Years ago, in an effort to wrap my head around what had happened in South Africa, I did a fair amount of reading. This system of governing people was bad enough, but what made it worse was that so many people in the country went along with it and, for the most part, the rest of the world just watched.
I used to think about Nelson Mandela, what he was doing at that very moment. If he was sitting in his cell and what it looked like. He and his situation seemed unreal to me.
Nelson Mandela will always be the face of South Africa. The traveler passing through the country will see Mandela's face almost everywhere he looks. Truly, the man is omnipresent. It's almost as if his image is posted to thwart apartheid from coming back and to help eradicate the stain, which is fading but not completely gone. As a South African journalist once said to me, they are still emerging from the hangover of apartheid.
In my many trips to South Africa, I have met and spoken to a lot of people there, and they all seem to find apartheid as repellent as you would. I have had some incredibly inspiring moments there that have ended up being very influential on my worldview.
In 2008, I went to Robben Island, off the coast of Cape Town, where Nelson Mandela was incarcerated for about 18 years. The place is basically empty now and open for tours through the dull, utilitarian hallways and outdoor enclosures. Things were brought into focus when my guide took me down a narrow hallway of cells and pointed to one — the cell Mandela had lived in. There it was, a small enclosure with a mattress on the floor, a table with a plate and bowl and what looked like a small trash can.
I was allowed to go inside. I stood at the window and looked out into the yard. I remembered a photo I had seen of Mandela, years after his release, looking out the window, and I realized I was basically standing right where he had been. I don't know if I was wanting some great epiphany to occur. None did. But what occurred to me was that Mandela had earned the right to stand in the cell and I had not. So I should remove myself and look at it from the outside.
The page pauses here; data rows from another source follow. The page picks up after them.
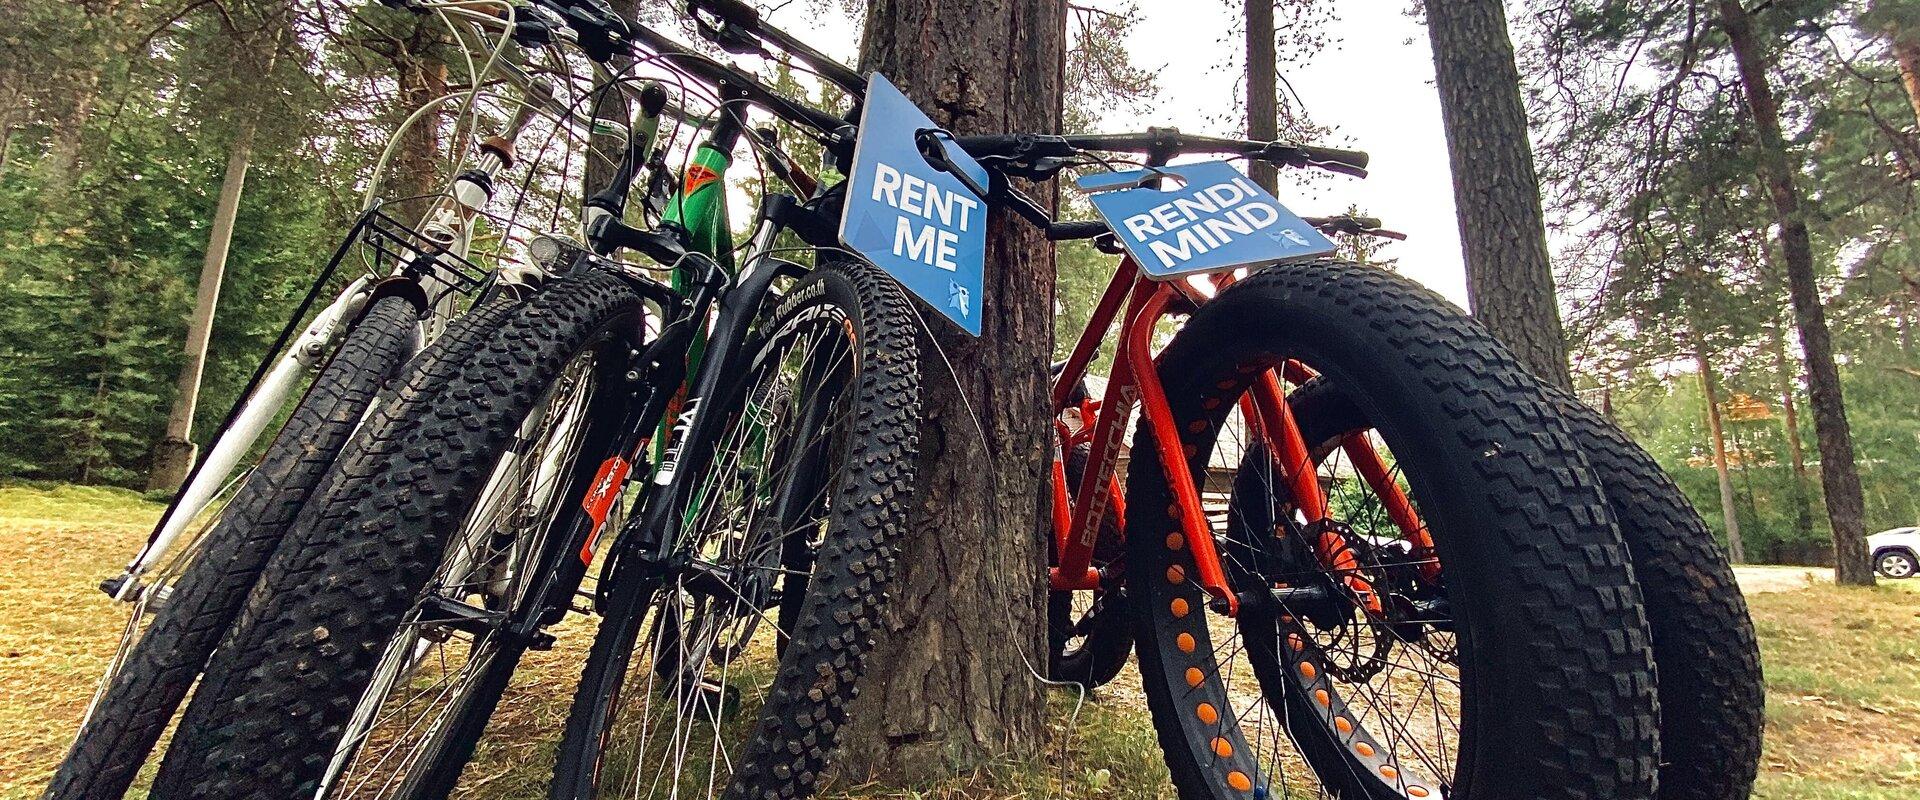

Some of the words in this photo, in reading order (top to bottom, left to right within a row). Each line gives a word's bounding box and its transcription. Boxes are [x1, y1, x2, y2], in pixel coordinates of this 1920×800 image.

[872, 162, 978, 232] RENT
[1123, 177, 1259, 243] RENDI
[893, 216, 959, 272] ME
[1148, 202, 1279, 269] MIND
[1080, 384, 1138, 548] BOTTECCHIA
That night, back in my hotel room, I thought long and hard about Nelson Mandela. Twenty-seven years is a long time to pay for standing up for the rights of all people. Ultimately, that's really what he did.
Two years later, I was back in South Africa. I was informed that, in recognition of a documentary I had done that addressed HIV/AIDS in that country, the Mandela Foundation was awarding me the Mandela Bangle, a silver bracelet. There would be a press conference, photos, etc.
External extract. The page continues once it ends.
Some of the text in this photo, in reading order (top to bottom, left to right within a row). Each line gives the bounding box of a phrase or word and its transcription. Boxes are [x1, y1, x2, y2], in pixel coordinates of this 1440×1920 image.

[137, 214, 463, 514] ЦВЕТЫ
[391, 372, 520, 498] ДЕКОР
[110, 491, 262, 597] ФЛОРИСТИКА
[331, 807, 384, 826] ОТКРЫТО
Afterward, I was invited to visit the foundation's building. I figured this was not to be missed, so I went. One of the staff members took me on a tour. I was shown the archive room and was allowed to look through Mandela's postincarceration passport, which had visas from all over the world. I could barely believe what was in my hands. I also was allowed to read from Mandela's prison journals. Incredible.
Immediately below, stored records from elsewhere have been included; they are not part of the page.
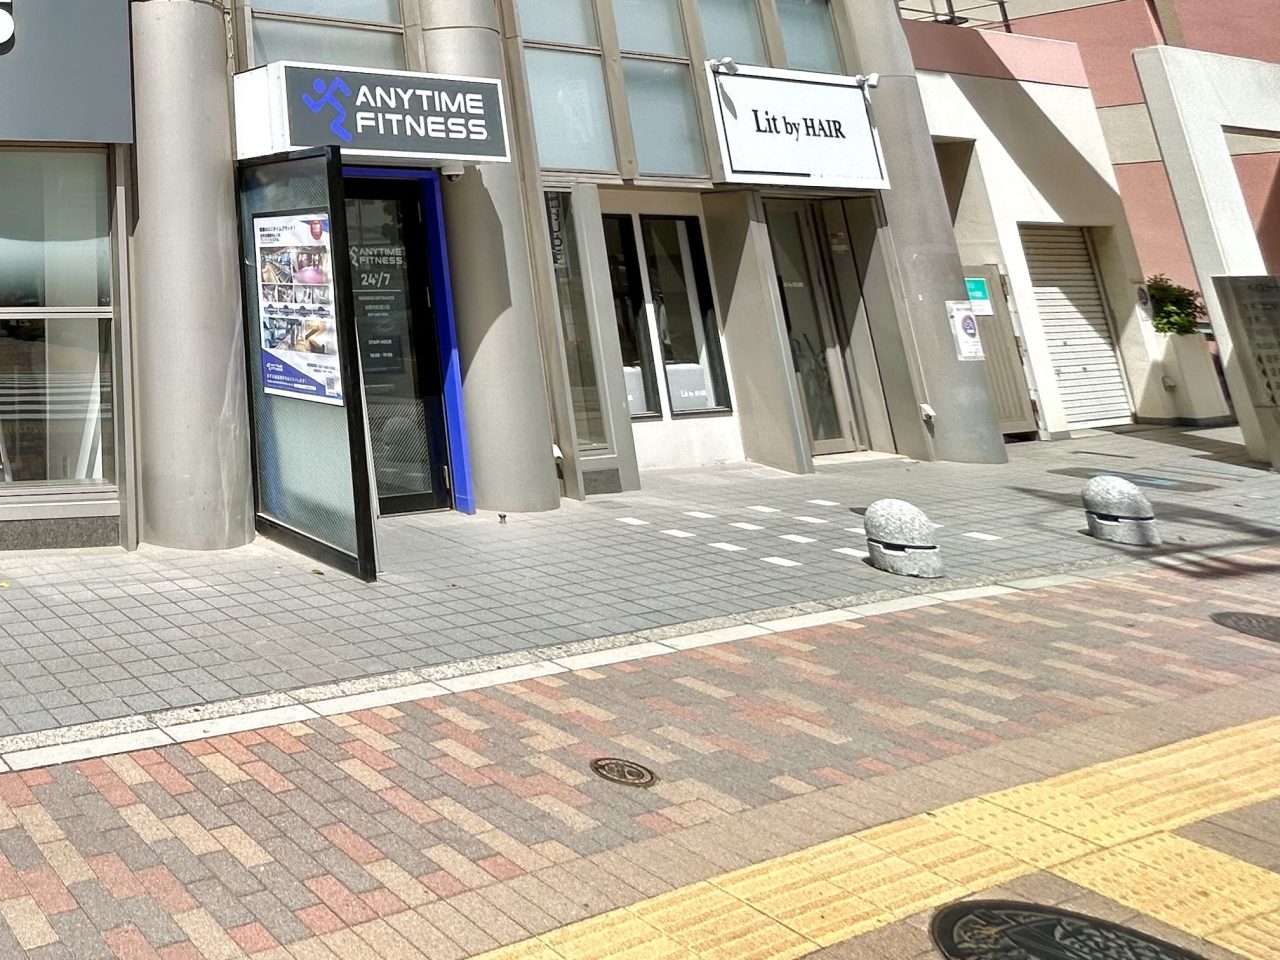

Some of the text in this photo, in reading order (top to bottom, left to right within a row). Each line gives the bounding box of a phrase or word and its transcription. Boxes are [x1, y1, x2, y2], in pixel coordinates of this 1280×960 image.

[355, 85, 484, 114] ANYTIME
[356, 111, 488, 140] FITNESS
[751, 109, 846, 142] Lit by HAIR
[359, 247, 403, 256] ANYTIME
[359, 256, 403, 265] FITNESS
I was taken to his office and allowed to look around. I noticed that behind his desk, he had two small photos in frames: one of him with President Clinton and one with President Obama.
On a lighter note, I was shown the mail room, where things come in for Mandela on a daily basis. I noticed a stack of books. The one at the top was the autobiography of Britain's then-prime minister Gordon Brown. I opened it up and, of course, it was dedicated and signed. A book from England's PM, personalized, in a stack with all the others, I love that. I asked if Mandela had seen this and the staffer politely shrugged. In May, it was announced that Mandela's office will be opened to visitors starting in September.
When you consider America's civil rights struggles, which we grapple with to this day, think of Mandela, Sisulu, Mbeki, Goldberg and the others in South Africa who spent decades behind bars half a world away. This is it. This is what it's all about.
Nelson Mandela will always be with us. His is a good story for a world that wants to move forward.